Barcelona, Spain (UroToday.com) The role of upfront cytoreductive nephrectomy (uCN) in patients with metastatic renal cell carcinoma (mRCC) is currently under debate as systemic therapy alone (sunitinib) was recently demonstrated to be noninferior.1 Since that time, combination immunotherapy and immunotherapy plus VEGF tyrosine kinase inhibitor (TKI) combination regimens have demonstrated efficacy in patients with previously-untreated mRCC. JAVELIN Renal 101 demonstrated a significant improvement in progression-free survival (PFS) with avelumab plus axitinib (A + Ax) versus sunitinib (median PFS 13.8 vs 8.4 months, HR 0.69, p < 0.001) in patients with previously untreated clear cell mRCC.2 Clinical benefit was seen in patients irrespective of prior uCN. The efficacy of this therapy on the primary tumor is unknown. In this abstract, the investigators report findings from a post hoc analysis of patients enrolled in JAVELIN Renal 101 with renal target lesions who had not undergone uCN.
Of 886 patients in the study, 20.2% did not undergo uCN (90 in the A + Ax arm, 89 in the sunitinib arm). Of these patients, 117 had renal target lesions at baseline: 55/90 and 62/89, respectively. Baseline characteristics in this subgroup were well balanced – in both groups, approximately 60% were IMDC intermediate risk (the remaining 40% were poor risk) and the median size of the primary renal lesion was approximately 8.5 cm.
The confirmed objective response rate (ORR) in all lesions was higher in the A + Ax arm (32.7%) than the sunitinib arm (11.3%). The percentage of patients with > 30% shrinkage in the renal target lesions from baseline was 34.5% in the A + Ax arm compared to 9.7% in the sunitinib arm. The median tumor shrinkage from baseline in renal target lesions was -21.1% in the combination arm versus -10.0% in the sunitinib arm. Any shrinkage from baseline in renal target lesions was observed in 90.9% of patients receiving A + Ax compared to 72.6% receiving sunitinib.

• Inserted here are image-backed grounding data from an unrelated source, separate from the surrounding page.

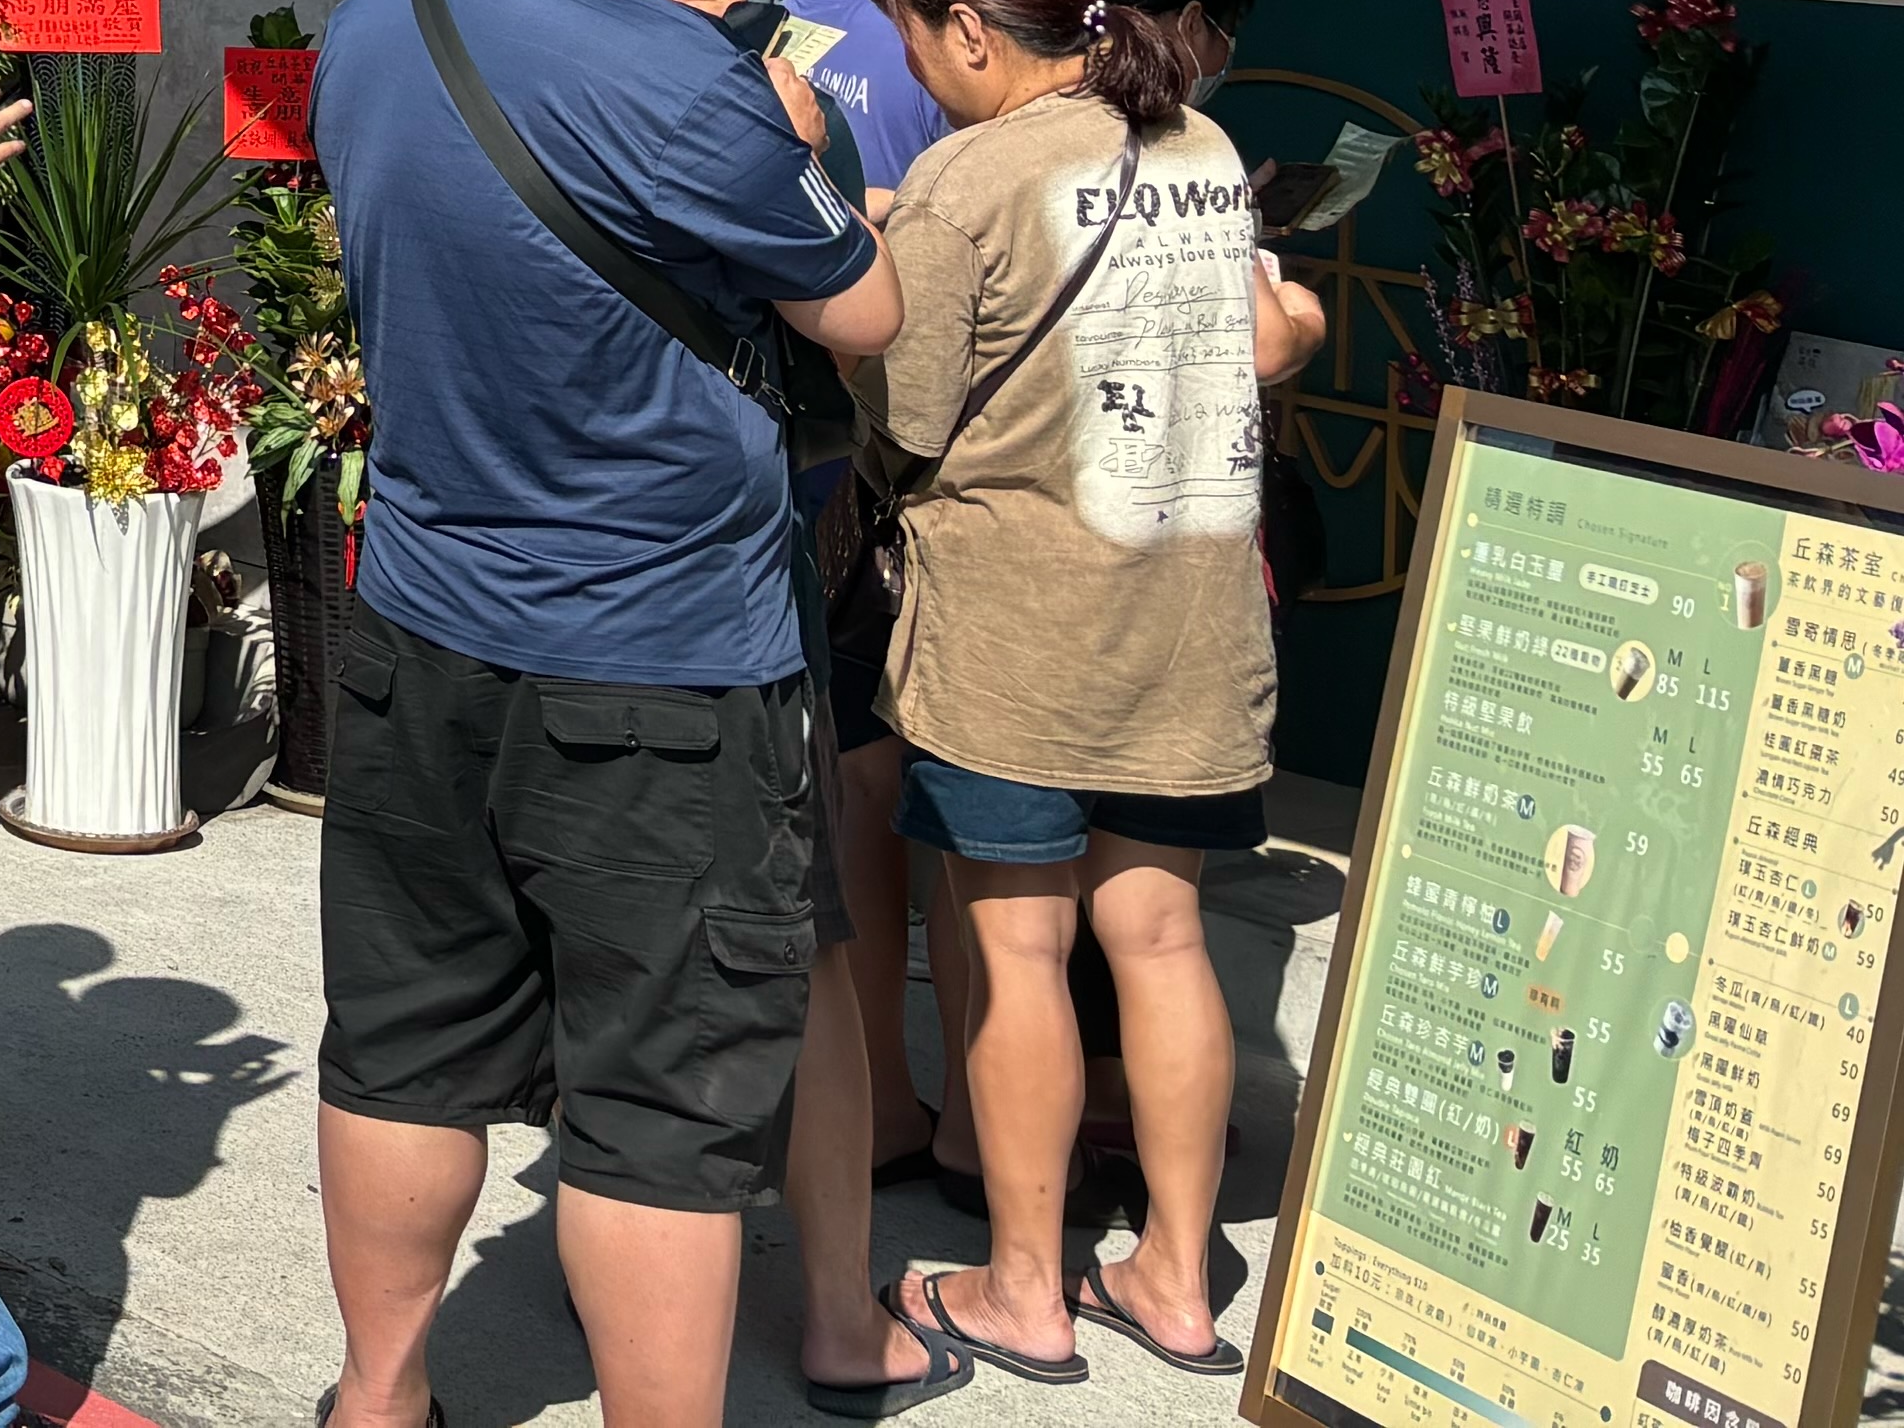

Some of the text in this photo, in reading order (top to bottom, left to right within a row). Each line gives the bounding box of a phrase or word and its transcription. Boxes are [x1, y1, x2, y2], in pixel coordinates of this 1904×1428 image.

[1108, 252, 1175, 270] Always
[1180, 248, 1216, 263] love
[1792, 538, 1883, 577] 丘森茶室
[1671, 595, 1695, 619] 90
[1668, 648, 1683, 667] M
[1656, 674, 1731, 711] 85 115
[1653, 727, 1668, 744] M
[1641, 753, 1704, 787] 55 65
[1755, 768, 1832, 806] 濃情巧克力
[1880, 806, 1899, 824] 50
[1626, 832, 1648, 855] 59
[1746, 815, 1818, 853] 丘森經典
[1866, 904, 1884, 922] 50
[1600, 949, 1625, 975] 55
[1856, 950, 1875, 968] 59
[1587, 1017, 1611, 1044] 55
[1846, 1026, 1864, 1044] 40
[1840, 1060, 1859, 1080] 50
[1572, 1087, 1597, 1112] 55
[1831, 1103, 1850, 1122] 69
[1565, 1128, 1619, 1172] 紅 奶
[1824, 1145, 1842, 1165] 69
[1561, 1155, 1615, 1195] 55 65
[1817, 1182, 1835, 1202] 50
[1557, 1208, 1572, 1227] M
[1810, 1219, 1828, 1239] 55
[1546, 1224, 1601, 1265] 25 35
[1799, 1277, 1817, 1298] 55
[1791, 1320, 1809, 1341] 50
[1783, 1363, 1801, 1384] 50
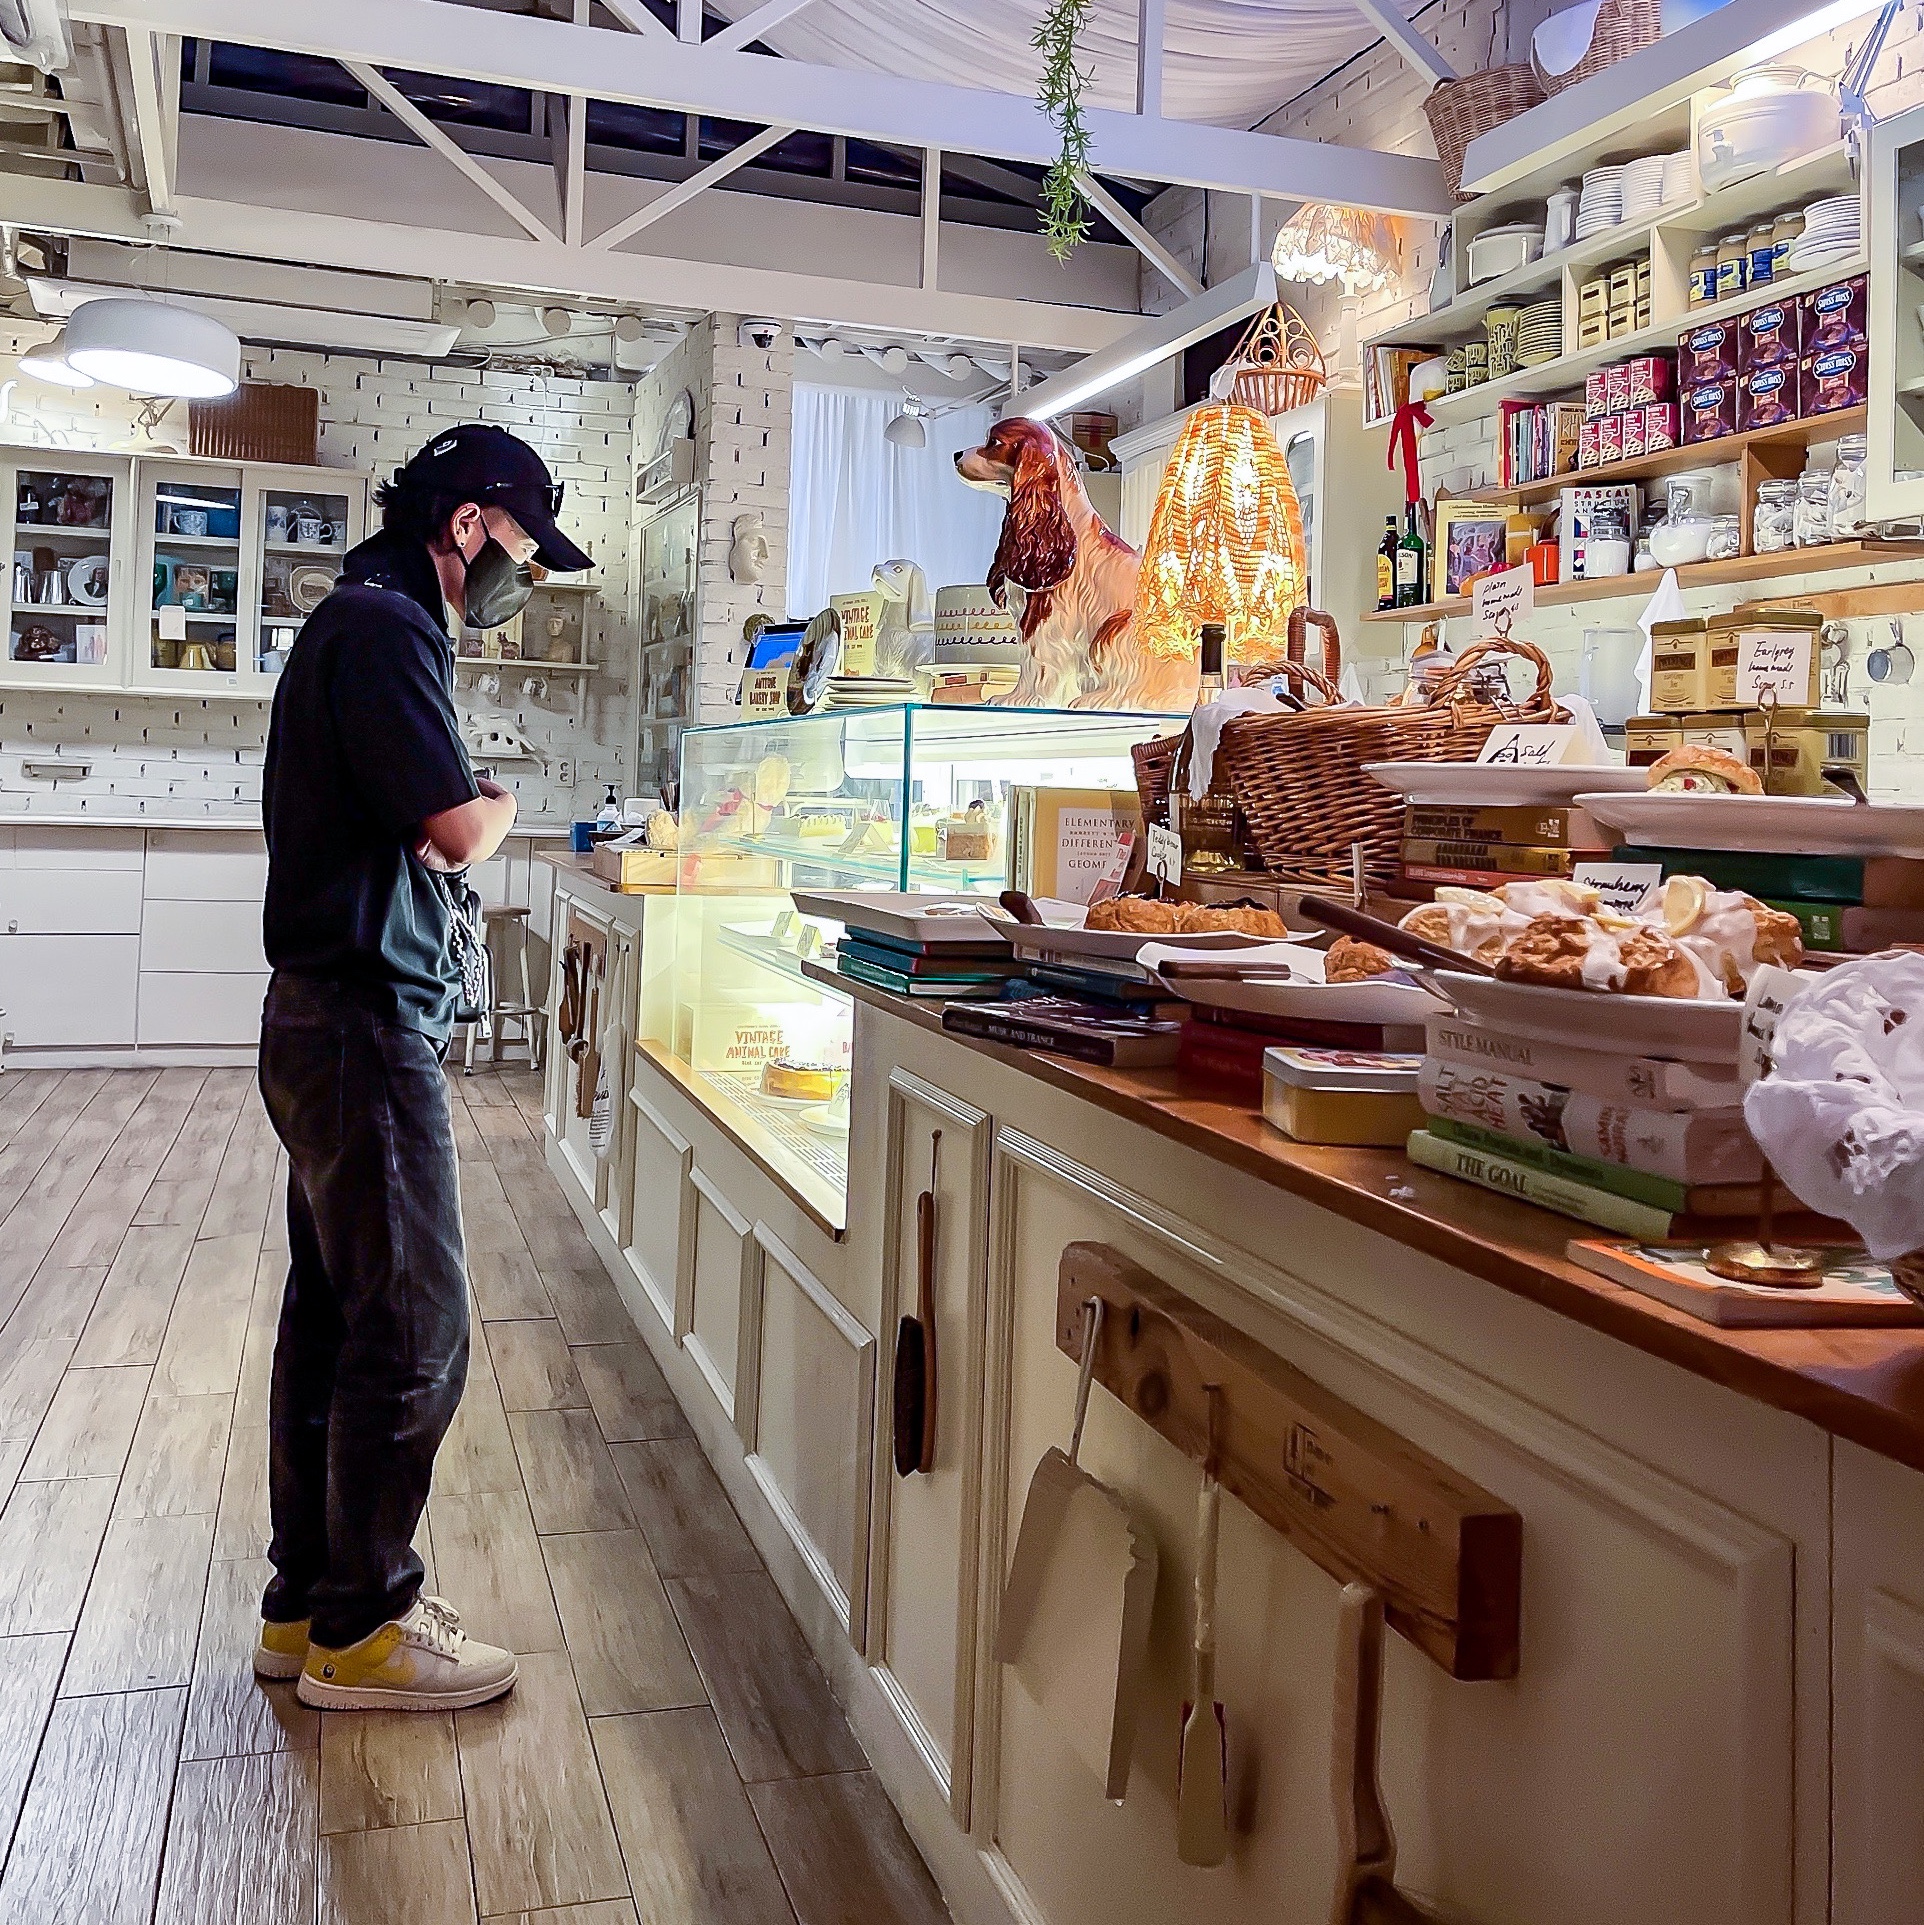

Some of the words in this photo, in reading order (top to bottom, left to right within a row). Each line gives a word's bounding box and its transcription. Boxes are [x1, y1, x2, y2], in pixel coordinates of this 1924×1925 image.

A + Ax improved PFS in patients who did not undergo uCN versus sunitinib when assessed in either the renal target lesions or in all lesions. The median OS was not reached in either arm, but the HR for A + Ax compared to sunitinib is 0.62 (0.32-1.29).
The investigators then performed immune biomarker analyses. Compared with patients in the overall population who underwent uCN, patients in this subgroup who did not undergo uCN had reduced PD-L1 expression. Gene expression analyses revealed treatment arm-specific differences in PFS with the IMmotion 150 T effector gene signature favoring the combination arm and the IMmotion 150 angiogenesis arm favoring the sunitinib arm.3
This study is the first report of the efficacy of immunotherapy plus VEGF TKI combination on the primary renal tumor in the context of mRCC and provides important insights into future neoadjuvant strategies in RCC. An ongoing open-label, single-arm, phase 2 trial (NCT03341845) is investigating avelumab plus axitinib as neoadjuvant therapy in patients with localized RCC.
Presented by: Laurence Albiges, MD, PhD, Medical Oncologist at the Gustave Roussy Institute
Written by: Jacob Berchuck, MD, Medical Oncology Fellow at the Dana-Farber Cancer Institute, Twitter: @jberchuck at the 2019 European Society for Medical Oncology annual meeting, ESMO 2019 #ESMO19, 27 Sept - 1 Oct 2019 in Barcelona, Spain
1. Méjean A, Ravaud A, Thezenas S, et al. Sunitinib Alone or after Nephrectomy in Metastatic Renal-Cell Carcinoma. N Engl J Med. 2018 Aug 2;379(5):417-427.
2. Motzer RJ, Penkov K, Haanen J, et al. Avelumab plus Axitinib versus Sunitinib for Advanced Renal-Cell Carcinoma. N Engl J Med. 2019 Mar 21;380(12):1103-1115.
3. McDermott DF, Huseni MA, Atkins MB, et al. Clinical activity and molecular correlates of response to atezolizumab alone or in combination with bevacizumab versus sunitinib in renal cell carcinoma. Nat Med. 2018 Jun;24(6):749-757.